| What is needed |
All of the entries need to be printed again exactly; pictures are the only thing to omit.

Stored items from a collection
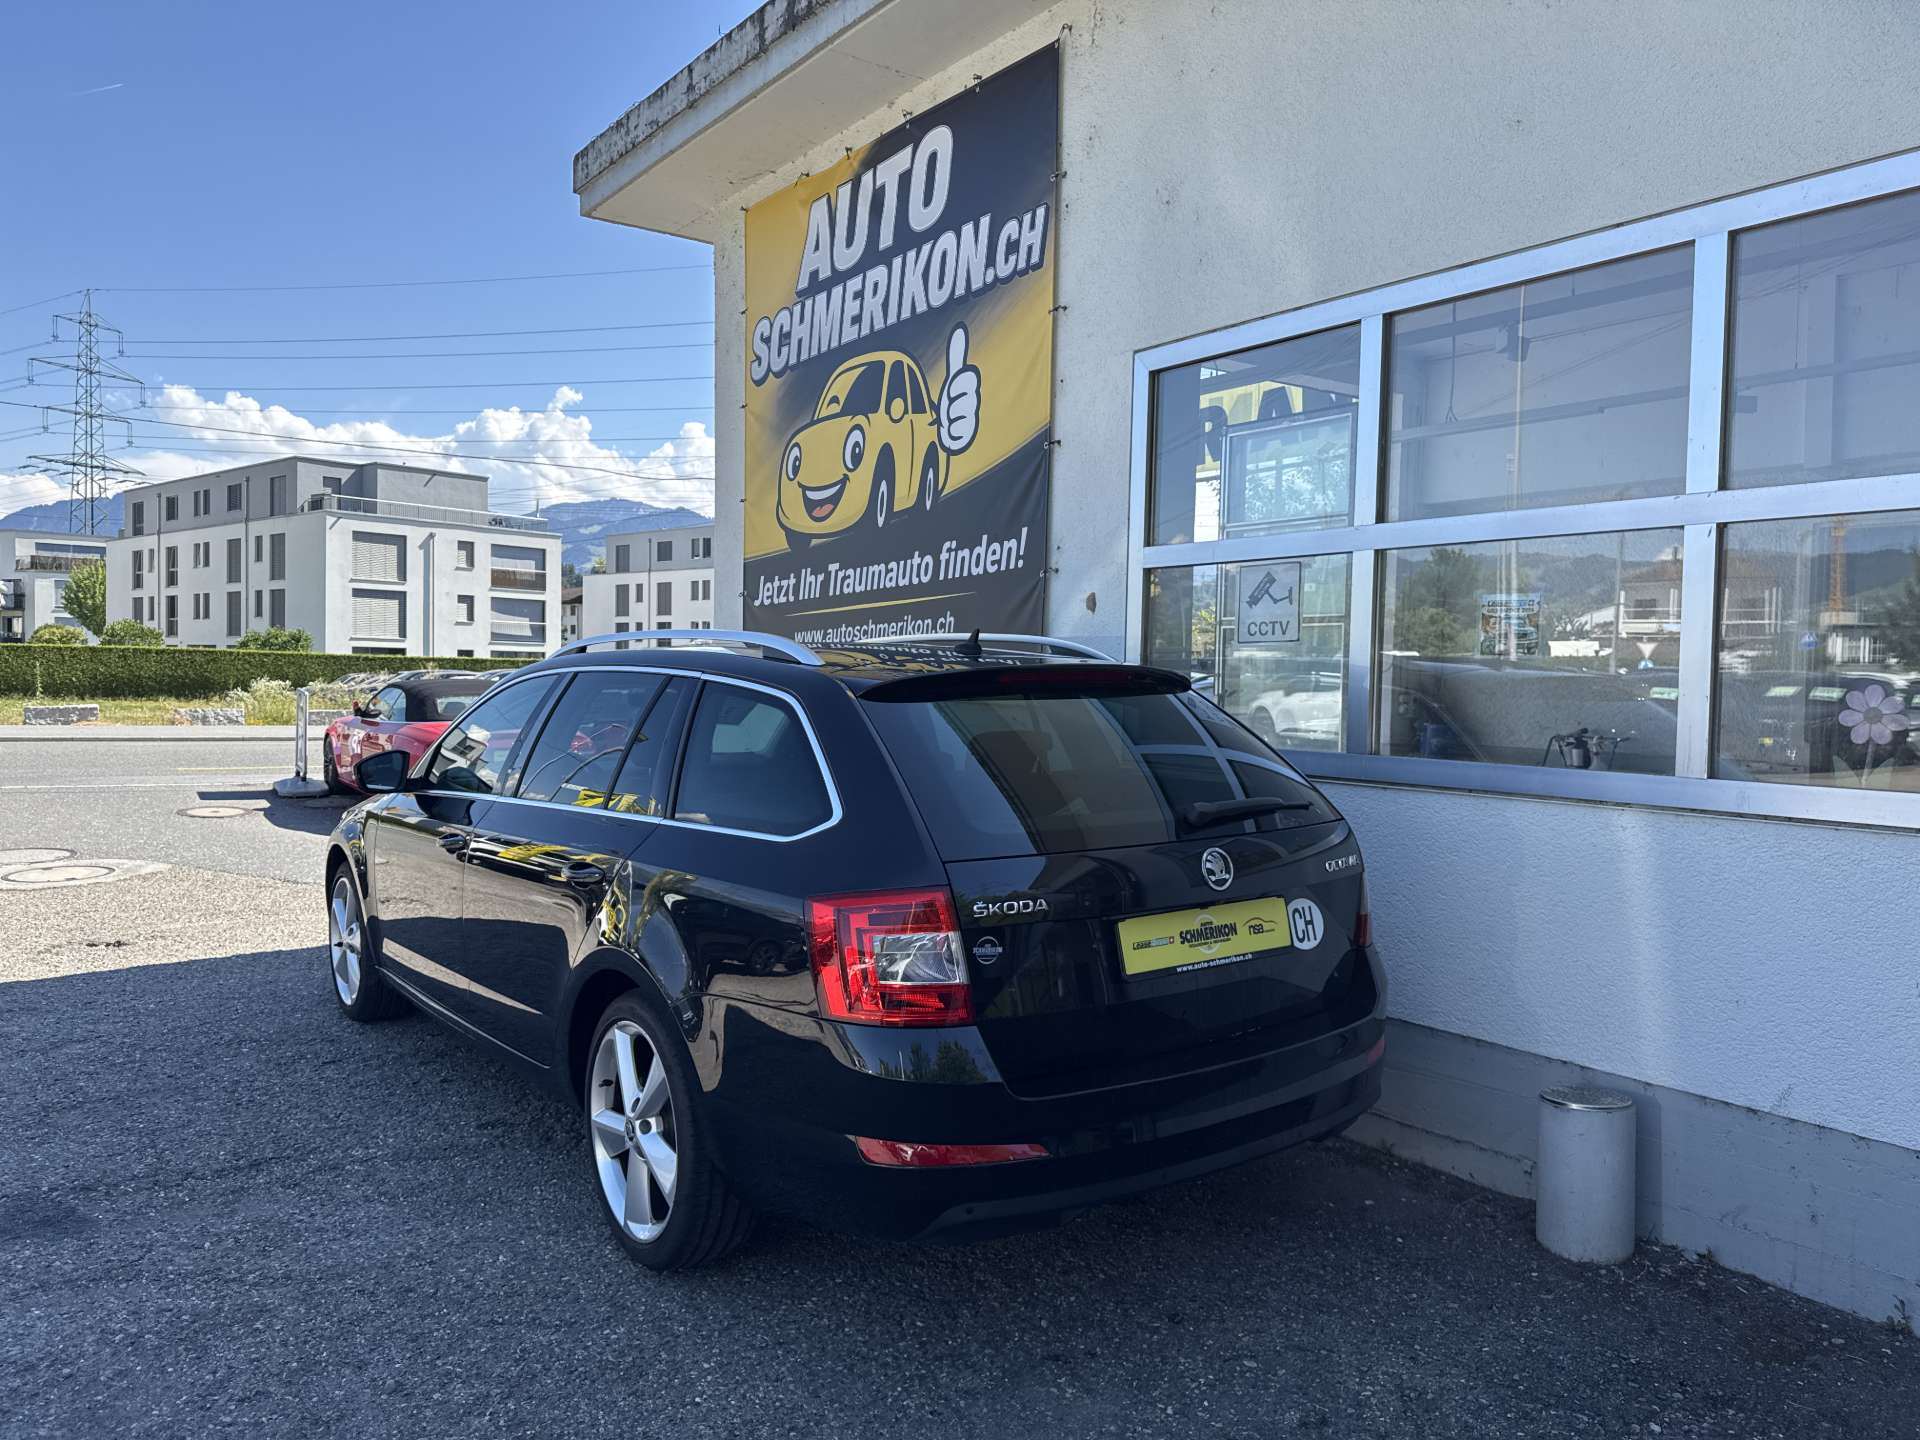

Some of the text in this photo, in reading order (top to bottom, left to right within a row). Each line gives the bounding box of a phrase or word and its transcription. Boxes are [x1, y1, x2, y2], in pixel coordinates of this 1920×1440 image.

[796, 124, 953, 292] AUTO
[751, 202, 1049, 382] SCHMERIKON.CH
[753, 526, 1028, 607] Jetzt Ihr Traumauto finden!
[794, 611, 955, 643] www.autoschmerikon.ch
[1247, 620, 1290, 637] CCTV
[973, 899, 1049, 918] ŠKODA
[1291, 905, 1317, 944] CH
[1179, 922, 1238, 945] SCHMERIKON
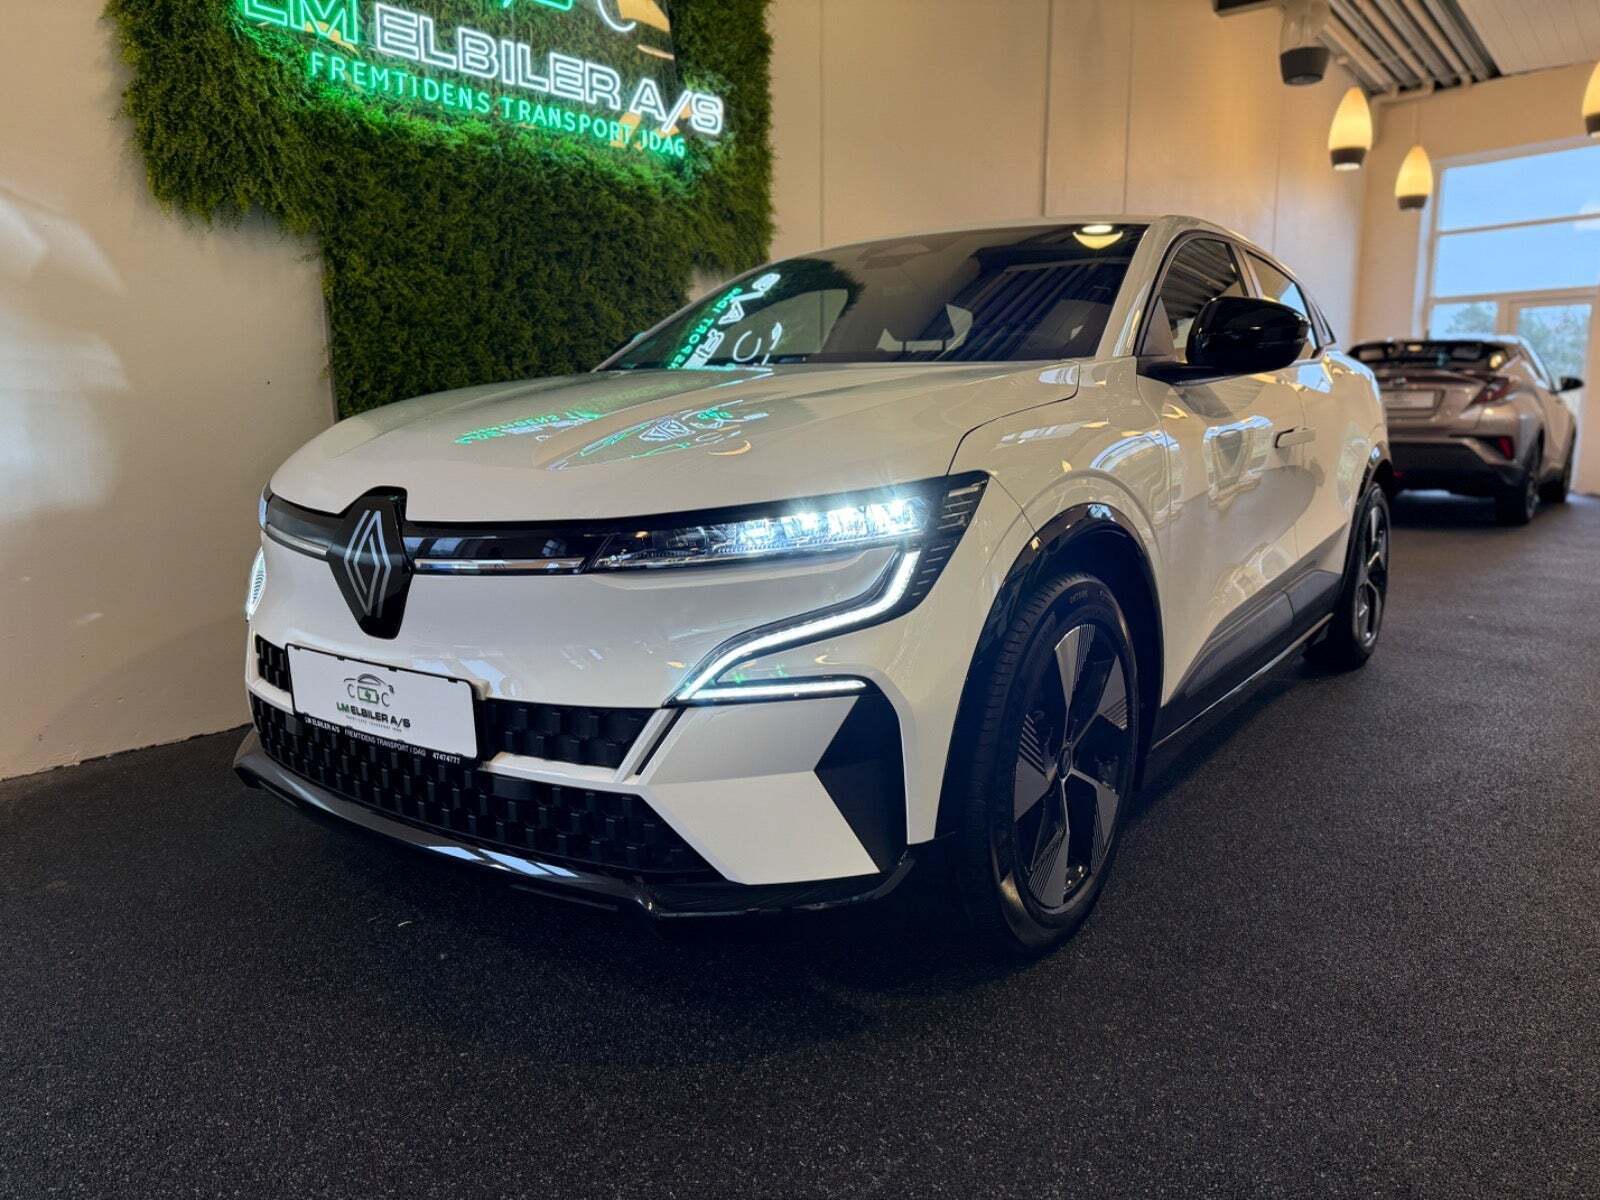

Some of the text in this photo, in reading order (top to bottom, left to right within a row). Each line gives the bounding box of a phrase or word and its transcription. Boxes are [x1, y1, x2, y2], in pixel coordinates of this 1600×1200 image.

[310, 51, 491, 114] FREMTIDENS
[499, 97, 633, 145] TRANSPORT
[374, 2, 622, 111] ELBILER
[628, 77, 724, 135] A/S
[336, 701, 350, 713] LM
[350, 705, 389, 722] ELBILER
[390, 715, 411, 729] A/S

| Task solution |
Some of the text in this photo, in reading order (top to bottom, left to right within a row). Each line gives the bounding box of a phrase or word and its transcription. Boxes are [x1, y1, x2, y2], in pixel coordinates of this 1920×1440 image.

[796, 124, 953, 292] AUTO
[751, 202, 1049, 382] SCHMERIKON.CH
[753, 526, 1028, 607] Jetzt Ihr Traumauto finden!
[794, 611, 955, 643] www.autoschmerikon.ch
[1247, 620, 1290, 637] CCTV
[973, 899, 1049, 918] ŠKODA
[1291, 905, 1317, 944] CH
[1179, 922, 1238, 945] SCHMERIKON

Some of the text in this photo, in reading order (top to bottom, left to right within a row). Each line gives the bounding box of a phrase or word and its transcription. Boxes are [x1, y1, x2, y2], in pixel coordinates of this 1600×1200 image.

[310, 51, 491, 114] FREMTIDENS
[499, 97, 633, 145] TRANSPORT
[374, 2, 622, 111] ELBILER
[628, 77, 724, 135] A/S
[336, 701, 350, 713] LM
[350, 705, 389, 722] ELBILER
[390, 715, 411, 729] A/S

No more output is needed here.